One rheumatologist had me on methotrexate and it was affecting my liver. My primary care physician wanted me off it, the rheumatologist wouldn't take me off it. I felt like I was part of a tug of war. I changed rheumatologists. The new one said he didn't like my liver count and I should have been taken off the methotrexate earlier.
He put me on Humira injections and a drug called Cellcept (think that is how it is spelled). I was doing fine, until my colon ruptured one evening and I was rushed to the ER. Surgeon wanted to know if I had had an organ transplant. My husband told him I hadn't. Surgeon said that is what Cellcept is usually used for so a transplant isn't "rejected" by the patients immune system although it has been used for RA. He said it was the most dangerous drug I could have been on. My whole immune system was "knocked out" and I couldn't fight infections.
Surgeon didn't think I was going to make it through the night.
I ended up staying a week in intensive care and a couple of weeks in a regular room, whereas normally for a colostomy a hospital stay would have only been about a week.
After that experience I refuse to take any of the RA medications.
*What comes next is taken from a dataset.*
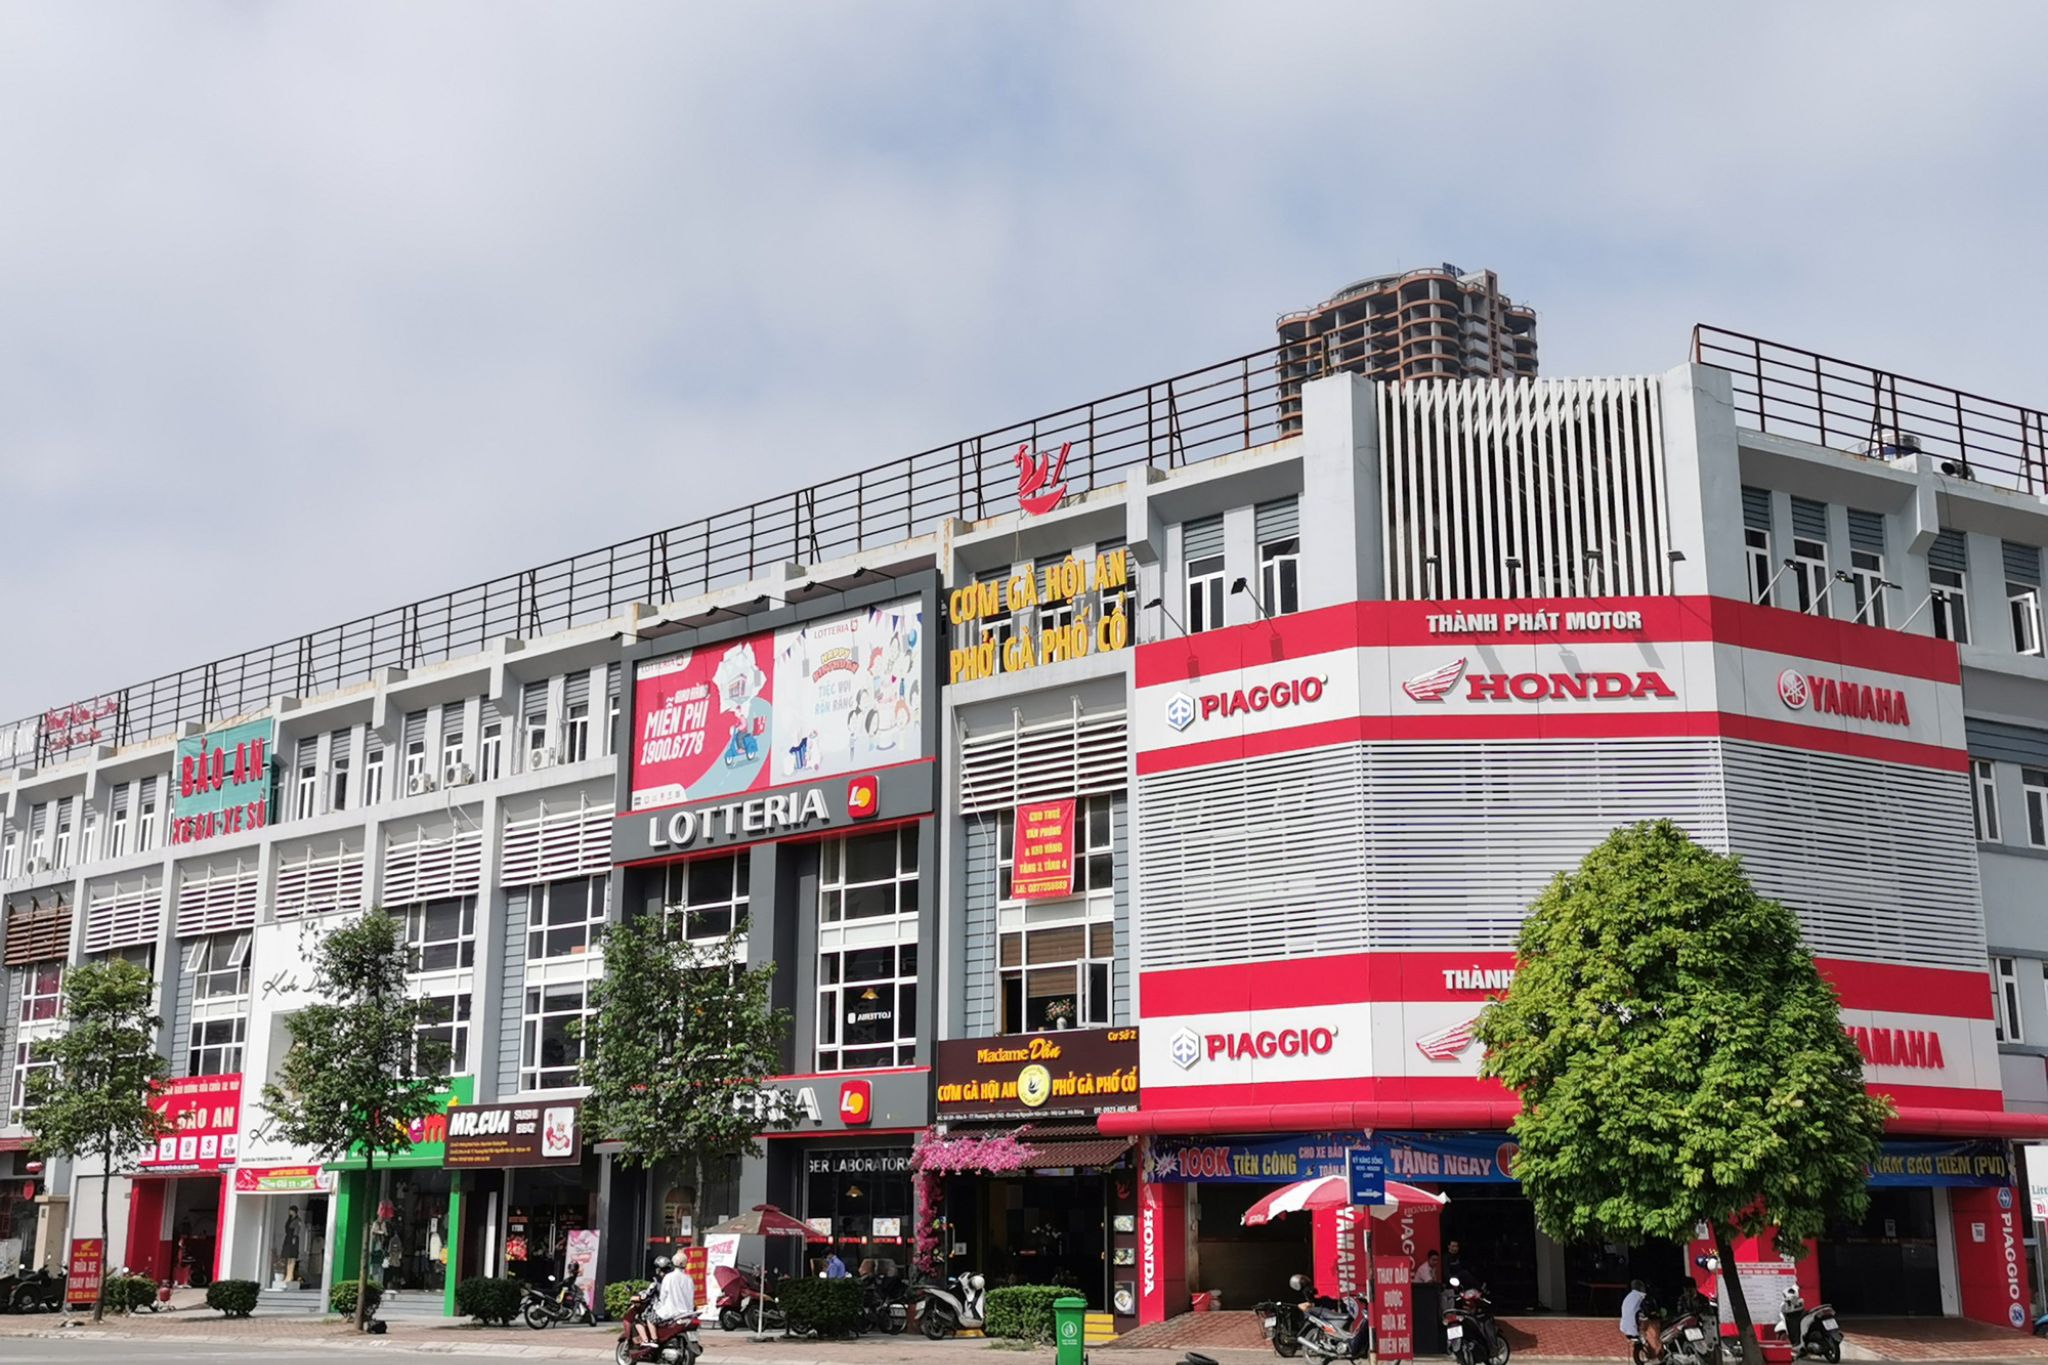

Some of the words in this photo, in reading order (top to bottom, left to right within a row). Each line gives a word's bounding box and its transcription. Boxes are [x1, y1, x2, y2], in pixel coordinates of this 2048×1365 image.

A lot of times it is my hands that hurt a lot in the mornings and I cut Lidoderm patches up and put those on my hands. My fingers are also stiff in the mornings, I just have to let them "warm up"

I try and get by with Aleve and when it is really bad I take a Lortab.
But I really don't like taking any medications.
Any RA (or OA) medications are going to affect the immune system.

I have another rheumatologist now who knows my aversion to the medications, so he is basically just monitoring me.